In this course various relevant market research questions are addressed, as for example measuring and understanding customer attitudes, preparing strategic decisions and sales forecasting. In order to analyze these questions, students learn to handle social media data, panel data, nested observations and experimental design. To analyze the data, advanced methods, as for example multilevel modeling, structural equation modeling and return on marketing models are taught. Also, problems of causality are addressed in-depth. The lecture is accompanied by a computer-based exercise, in the course of which the methods are applied practically.

Students

  • receive based on the course market research an overview of advanced empirical methods
  • learn in the course of the lecture to handle advanced data collection and data analysis methods
  • are based on the acquired knowledge able to interpret results and derive strategic implications

Total workload for 4.5 ECTS: ca. 135 hours.

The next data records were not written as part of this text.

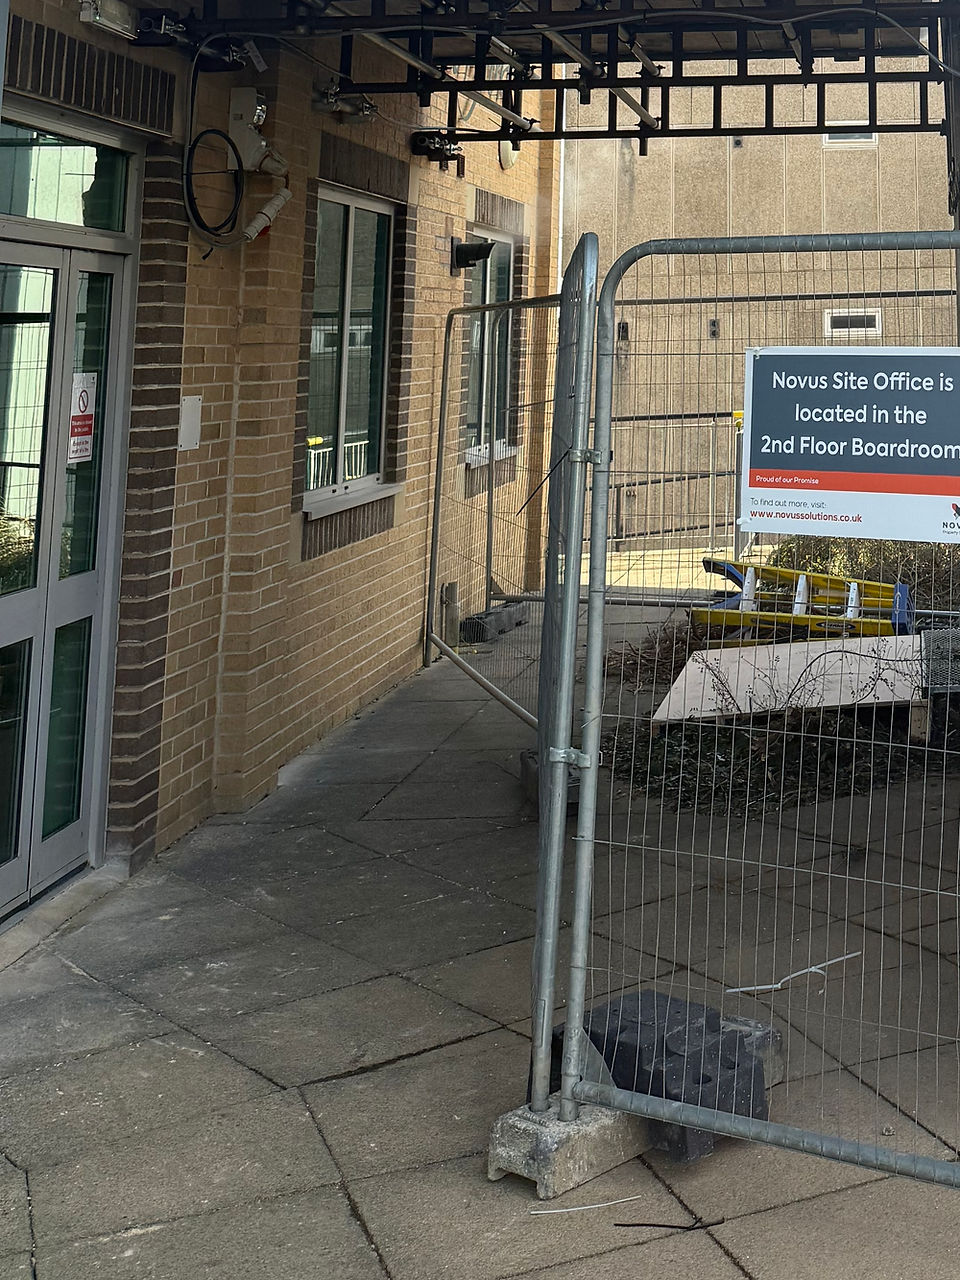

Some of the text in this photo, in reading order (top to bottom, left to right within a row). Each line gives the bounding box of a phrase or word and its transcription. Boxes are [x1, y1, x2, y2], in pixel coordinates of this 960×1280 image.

[772, 371, 954, 392] Novus Site Office is
[795, 403, 927, 425] located in the
[760, 435, 795, 454] 2nd
[800, 436, 847, 456] Floor
[755, 475, 775, 483] Proud
[794, 476, 819, 485] Promise
[750, 497, 759, 505] To
[760, 498, 774, 507] find
[775, 499, 787, 507] out
[788, 500, 810, 509] more,
[750, 510, 862, 523] www.novussolutions.co.uk
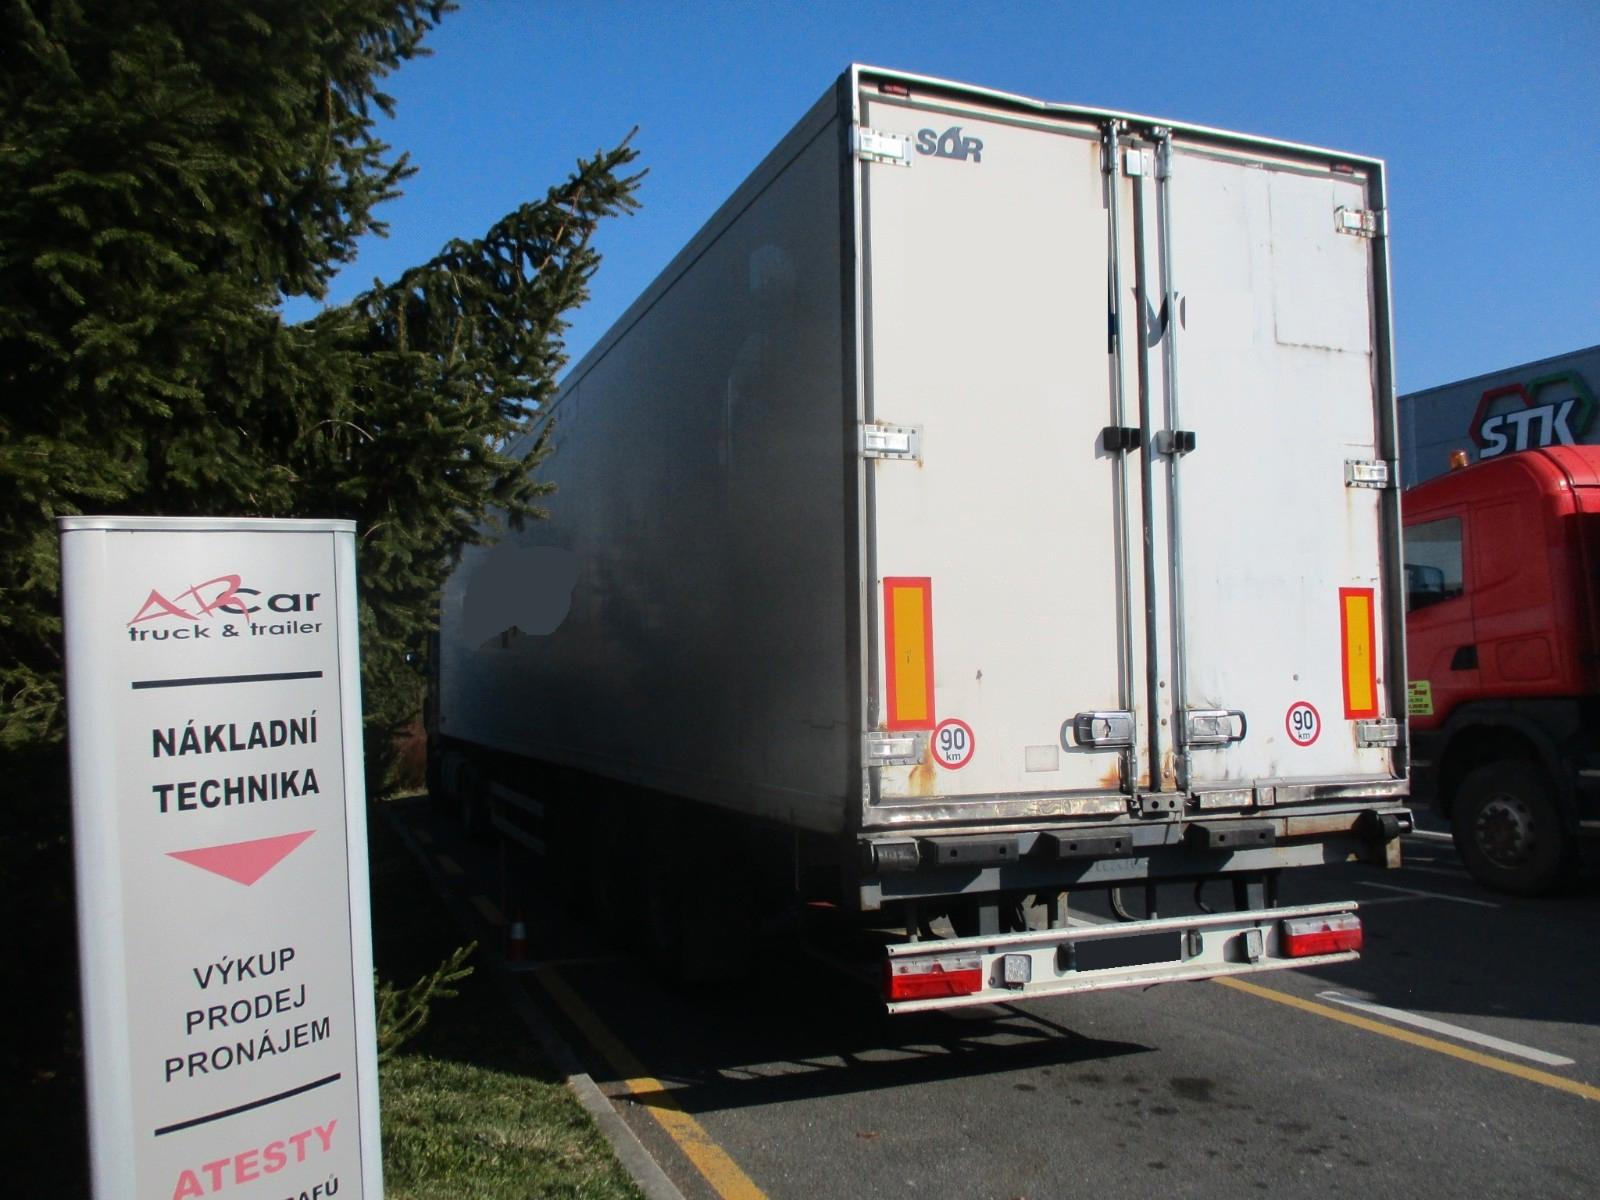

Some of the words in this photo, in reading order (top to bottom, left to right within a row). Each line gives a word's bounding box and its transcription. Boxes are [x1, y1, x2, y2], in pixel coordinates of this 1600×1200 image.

[1480, 399, 1576, 459] STK
[128, 625, 210, 642] truck
[222, 624, 240, 638] &
[250, 621, 322, 636] trailer
[152, 709, 318, 758] NÁKLADNÍ
[940, 728, 965, 751] 90
[1293, 710, 1313, 731] 90
[1298, 732, 1311, 740] km
[946, 752, 961, 761] km
[152, 768, 320, 813] TECHNIKA
[193, 947, 295, 989] VÝKUP
[186, 984, 306, 1035] PRODEJ
[164, 1016, 331, 1083] PRONÁJEM
[171, 1119, 338, 1200] ATESTY

In order to attend Marketing Analytics, students are required to have passed the course Market Research.

Exchange students can bypass the requirement of passing Market Research if they can prove that they possess sufficient statistical knowledge based on courses attended at their home institution. This will be examined individually by the Marketing & Sales Research Group.

For further information please contact the Marketing and Sales Research Group (marketing.iism.kit.edu).

Language of instructionEnglish
Bibliography
  • Hanssens, Dominique M., Parsons, Leonard J., Schultz, Randall L. (2003), Market response models: Econometric and time series analysis, 2nd ed, Boston.
  • Gelman, Andrew, Hill, Jennifer (2006), Data analysis using regression and multilevel/hierarchical models, New York.
  • Cameron, A. Colin, Trivedi, Pravin K. (2005), Microeconometrics: methods and applications, New York.
  • Chapman, Christopher, Feit, Elea M. (2015), R for Marketing Research and Analytics, Cham.
  • Ledolter, Johannes (2013), Data mining and business analytics with R, New York.
Organisational issues

Präsenztermine: 05.11.2021 / 19.11.2021 / 03.12.2021 / 17.12.2021

Die anderen Termine finden online statt.